[Dataset entries]
******************************

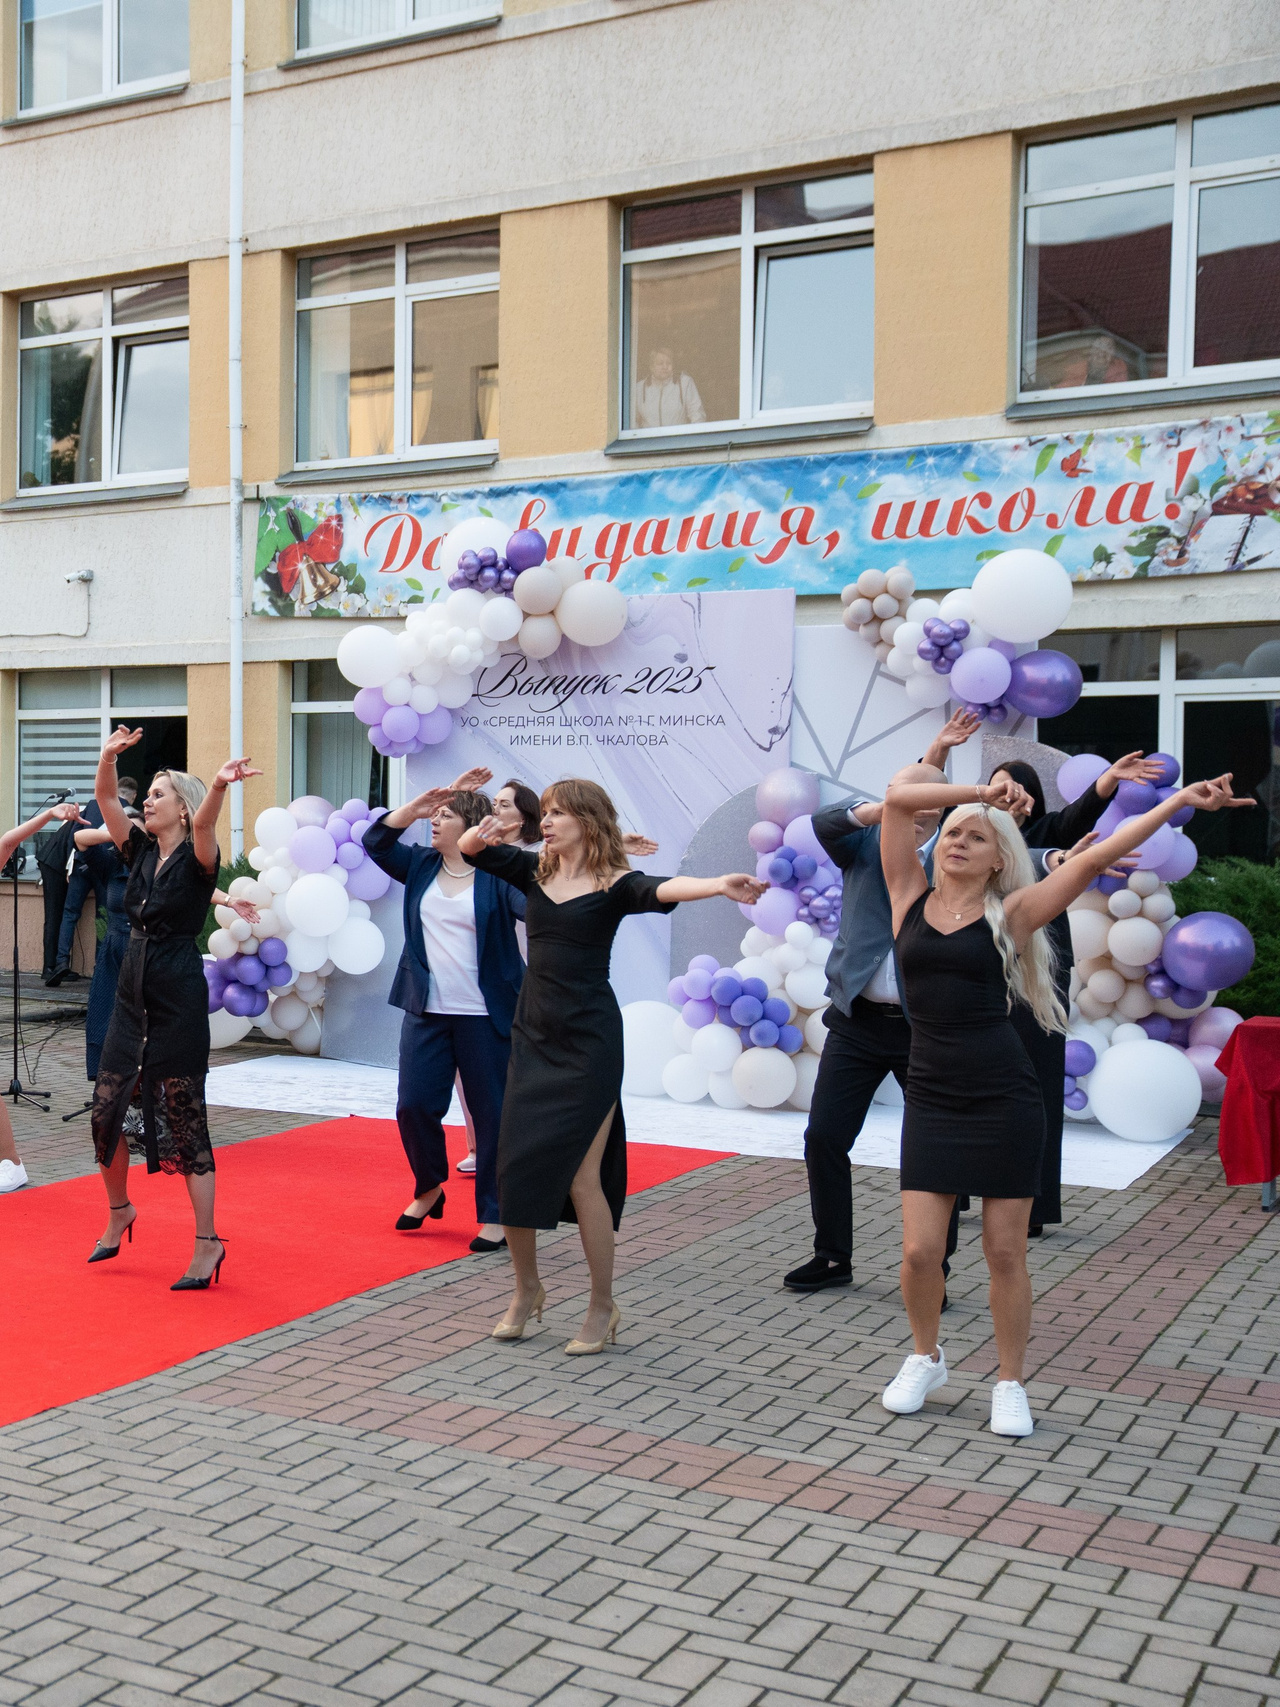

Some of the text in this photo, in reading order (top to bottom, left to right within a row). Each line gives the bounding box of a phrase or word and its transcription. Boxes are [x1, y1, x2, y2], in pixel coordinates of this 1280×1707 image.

[513, 497, 840, 584] идания,
[870, 446, 1198, 541] школа!
[471, 652, 717, 714] Выпуск 2025
[460, 715, 480, 728] УО
[483, 715, 555, 729] «СРЕДНЯЯ
[559, 714, 615, 727] ШКОЛА
[659, 714, 727, 727] МИНСКА
[509, 734, 669, 746] ИМЕНИ В.П. ЧКАЛОВА

******************************

__WHAT YOU SHOULD DO__.
From the first line to the last, restate the entries exactly, without pictures.

__RESPONSE TO THE TASK__.
Some of the text in this photo, in reading order (top to bottom, left to right within a row). Each line gives the bounding box of a phrase or word and its transcription. Boxes are [x1, y1, x2, y2], in pixel coordinates of this 1280×1707 image.

[513, 497, 840, 584] идания,
[870, 446, 1198, 541] школа!
[471, 652, 717, 714] Выпуск 2025
[460, 715, 480, 728] УО
[483, 715, 555, 729] «СРЕДНЯЯ
[559, 714, 615, 727] ШКОЛА
[659, 714, 727, 727] МИНСКА
[509, 734, 669, 746] ИМЕНИ В.П. ЧКАЛОВА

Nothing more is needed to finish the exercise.